Ia pikir Raja Zhang akan membalas ucapannya, tidak disangka Raja Zhang hanya terdiam menatapnya.
Ia pun tersenyum kembali. “Dan aku pikir kali ini akan sama dengan sebelum sebelumnya, kau mengirim Huang Shong untuk menggantikanmu atas undangan apapun. Sungguh aku terkejut saat mendapat kabar kau datang ke istana. Aku berterima kasih atas perhatianmu akan undangan peringatan hari ulang tahunku.”

“Aku hanya sedang ingin.”

Suara itu sungguh dingin. Namun sejujurnya, sejak tadi ia ingin memperhatikan Raja Zhang dengan seksama. Ia merasa tidak asing, namun ia memang tidak pernah bertemu dengan Raja Zhang sebelumnya. Mungkin karena mata gelap itu mengingatkan dirinya pada putranya yang telah hilang 18 tahun lalu, yakni Chen Zhang Zou.

Ia tertawa kecil. “Kau sungguh orang yang sangat berterus terang.” Ia meraih teko guci putih berisi teh. Ia tuangkan dengan perlahan ke dalam cangkir kecil. “Oh ya, aku juga telah mendengar pernikahanmu. Selamat atas pernikahanmu, Raja Zhang. Tapi mengapa kau tidak mengundang kerajaan lain? Mengapa tidak menggelar acara dan mengapa mendadak pula?”
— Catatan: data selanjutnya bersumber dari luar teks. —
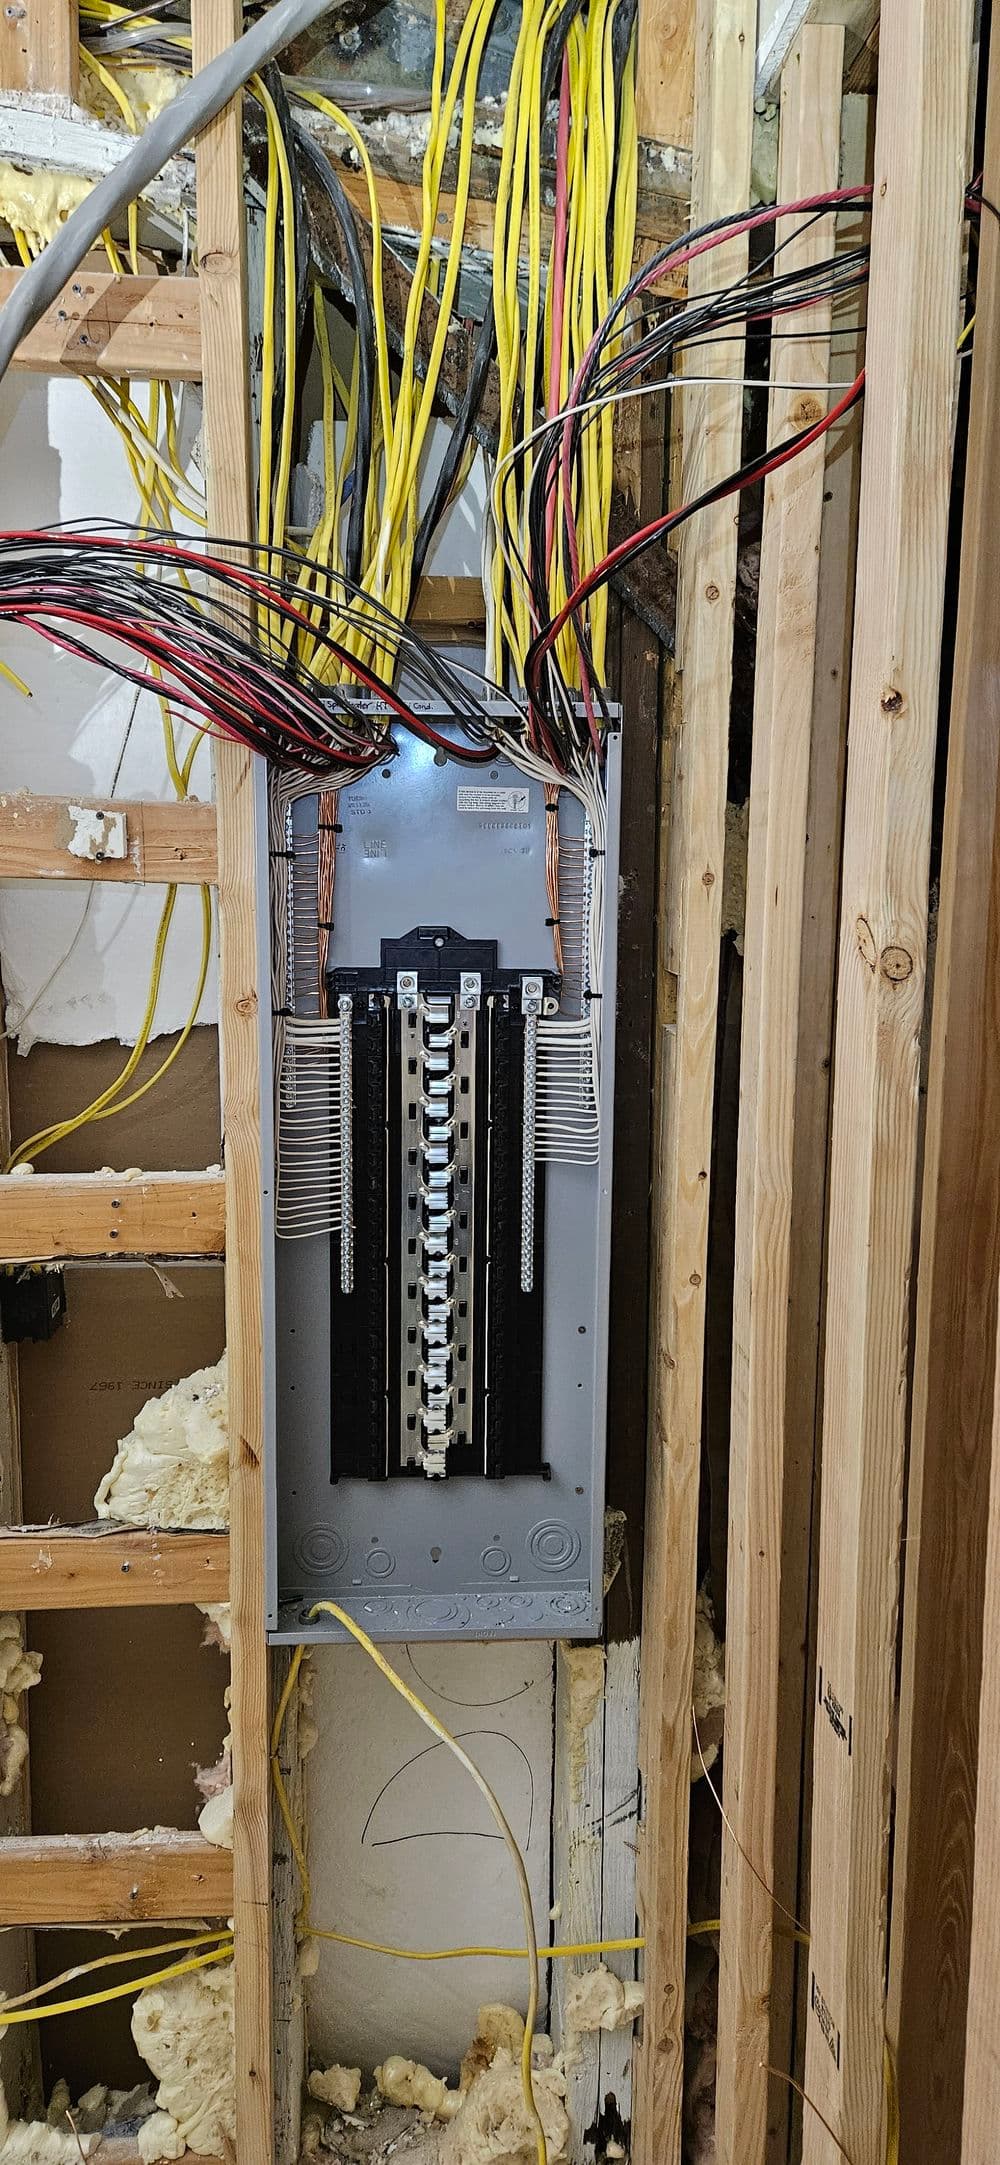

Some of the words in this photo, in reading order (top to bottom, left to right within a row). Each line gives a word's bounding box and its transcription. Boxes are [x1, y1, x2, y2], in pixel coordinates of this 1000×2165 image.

[363, 840, 387, 849] LINE
[89, 1381, 122, 1392] 1967
[132, 1380, 173, 1390] SINCE
Tatapan Raja Zhang padanya masih sama. “Tidak ada alasan. Aku hanya ingin.”

Jika yang di depannya adalah Raja lain, mungkin ia akan langsung mencabut pedang dari sarungnya. Akan tetapi entah mengapa dengan Raja Zhang ia tidak marah sama sekali. Seolah-olah ia sedang memaklumi anak sendiri. Hal lain yang ia pertimbangkan mungkin karena Raja Zhang adalah Raja yang tangguh. Jangan lupakan tentang pertempuran sengit yang terjadi antara Banfai dan Luzong. Raja Zhang tidak bisa dianggap remeh.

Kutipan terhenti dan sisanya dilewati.